Substituting Eqs. A8 and A9 into Eq. A7 gives

$$\begin{array}{l}\mathbb{E}\left\{M_{j+1}^2\right\}=\mathbb{E}\left\{M_j^2\right\}+2\alpha \left[\frac{{\beta }^2{\left(1-q\right)}^2}{q}-q\mathbb{E}\left\{M_j^2\right\}\right]+{\alpha }^2\left[{\text{β}}^2\left(1-q\right)+q\mathbb{E}\left\{M_j^2\right\}\right]\\ =\mathbb{E}\left\{M_j^2\right\}+\frac{2\alpha {\beta }^2{\left(1-q\right)}^2+{\text{α}}^2{\text{β}}^2\left(1-q\right)q}{q}+q\text{α}\left(\text{α}-2\right)\mathbb{E}\left\{M_j^2\right\}\end{array}$$ (A10)

Because $\mathbb{E}\left\{M_{j+1}^2\right\}=\mathbb{E}\left\{M_j^2\right\}$ in the limit as j tends to infinity, Eq.
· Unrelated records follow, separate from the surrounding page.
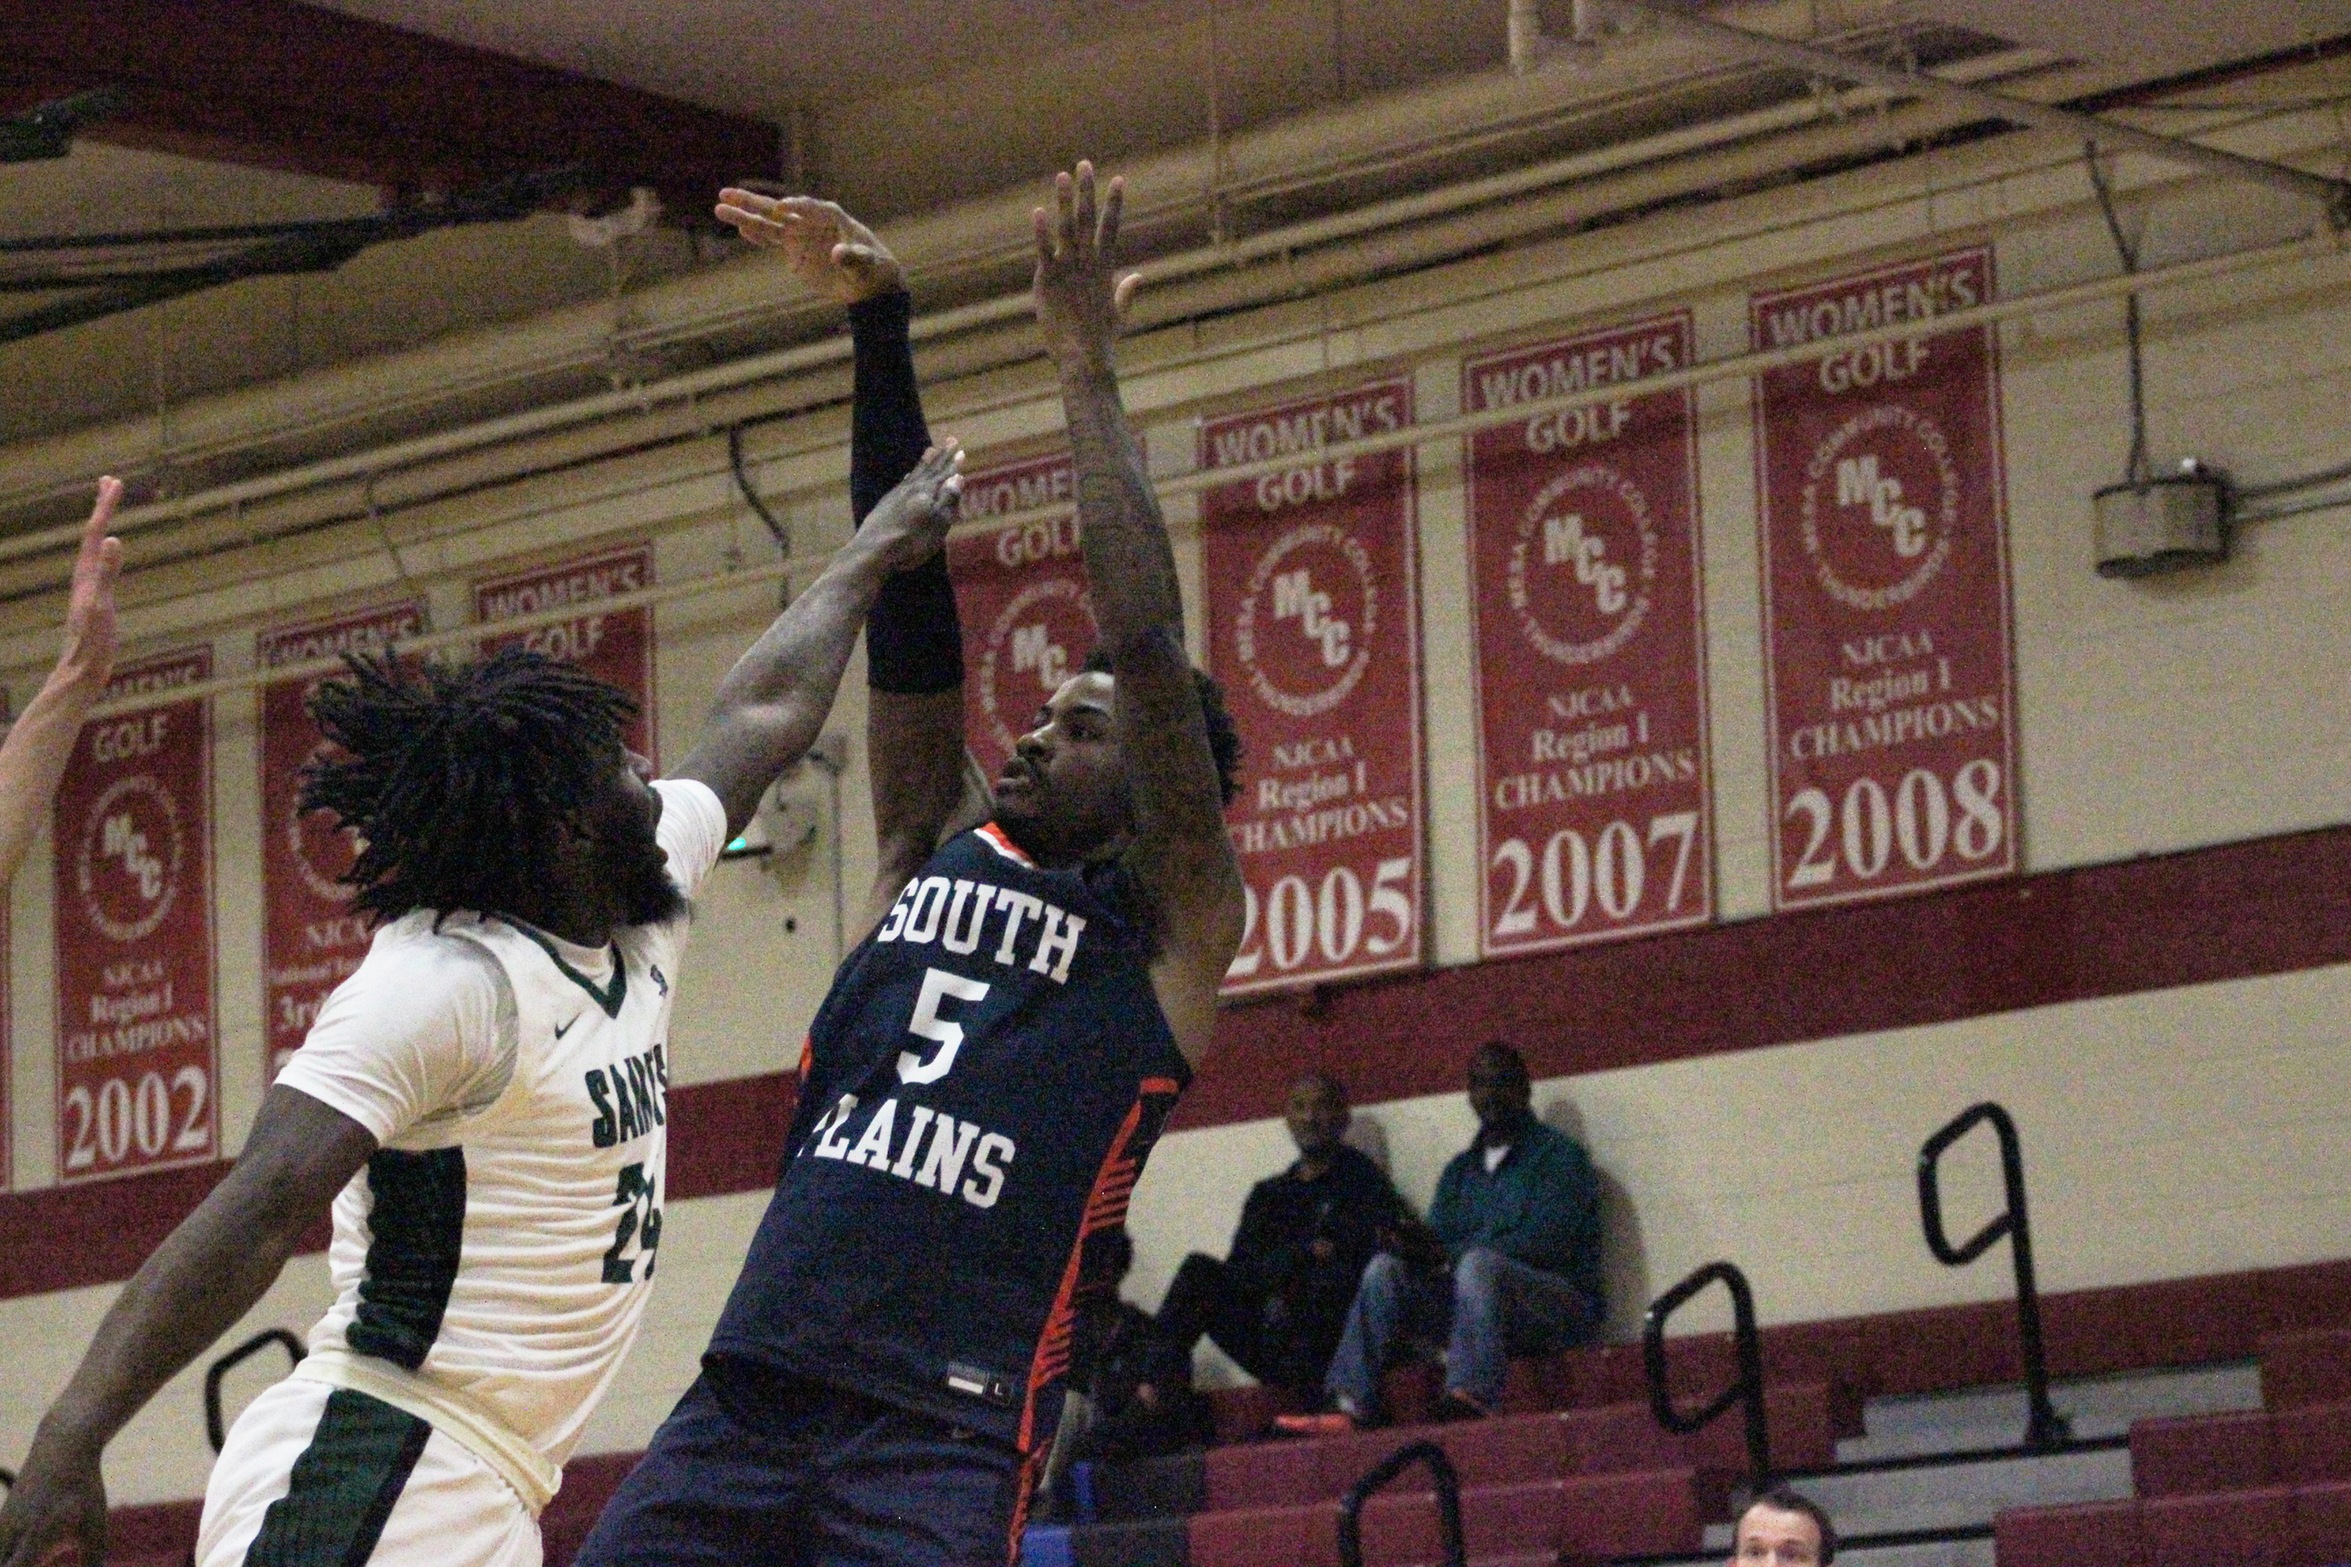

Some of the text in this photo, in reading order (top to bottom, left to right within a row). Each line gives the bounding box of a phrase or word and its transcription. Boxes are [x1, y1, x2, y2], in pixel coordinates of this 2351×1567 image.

[1770, 269, 1977, 343] WOMEN'S
[1480, 335, 1675, 410] WOMEN'S
[1821, 338, 1928, 392] GOLF
[1214, 397, 1397, 466] WOMEN'S
[1526, 398, 1632, 454] GOLF
[1256, 454, 1355, 511] GOLF
[1837, 453, 1926, 557] MCC
[1544, 513, 1627, 614] MCC
[1272, 569, 1348, 666] MCC
[1790, 693, 1998, 759] CHAMPIONS
[1831, 668, 1929, 712] Region
[94, 713, 167, 763] GOLF
[1532, 720, 1630, 763] Region
[1256, 772, 1349, 811] Region
[1495, 748, 1695, 810] CHAMPIONS
[104, 813, 162, 899] MCC
[1784, 758, 2001, 888] 2008
[1492, 811, 1700, 936] 2007
[878, 876, 1086, 985] SOUTH
[67, 1014, 206, 1062] CHAMPIONS
[896, 967, 990, 1085] 5
[66, 1066, 208, 1169] 2002
[797, 1093, 1015, 1208] LAINS
A10 reduces to

$$\mathbb{E}\left\{M_j^2\right\}=\frac{2{\beta }^2{\left(1-q\right)}^2+{\alpha \beta }^2\left(1-q\right)q}{q^2\left(2-\alpha \right)}$$ (A11)

The steady-state variance of M_j over time is therefore

$$\begin{array}{l}{\sigma }_{\text{t}}^2=\mathbb{E}\left\{M_j^2\right\}-\mathbb{E}{\left\{M_j\right\}}^2=\frac{2{\beta }^2{\left(1-q\right)}^2+{\alpha \beta }^2\left(1-q\right)q}{q^2\left(2-\text{α}\right)}-{\left[\frac{\text{β}\left(1-q\right)}{q}\right]}^2\\ =\frac{{\text{αβ}}^2\left(1-q\right)}{q^2\left(2-\alpha \right)}=\frac{{\text{β}}^2\left(1-q\right)}{q^2\left(2\text{τ}-1\right)}\end{array}$$ (A12)

Equation A12 has a singularity at α = 2 but this is moot because α is a fraction < 1. Equation A12 also shows that having the sequence {M_j} converge more slowly toward M^* by increasing τ leads to a reduction in its temporal variance at steady state.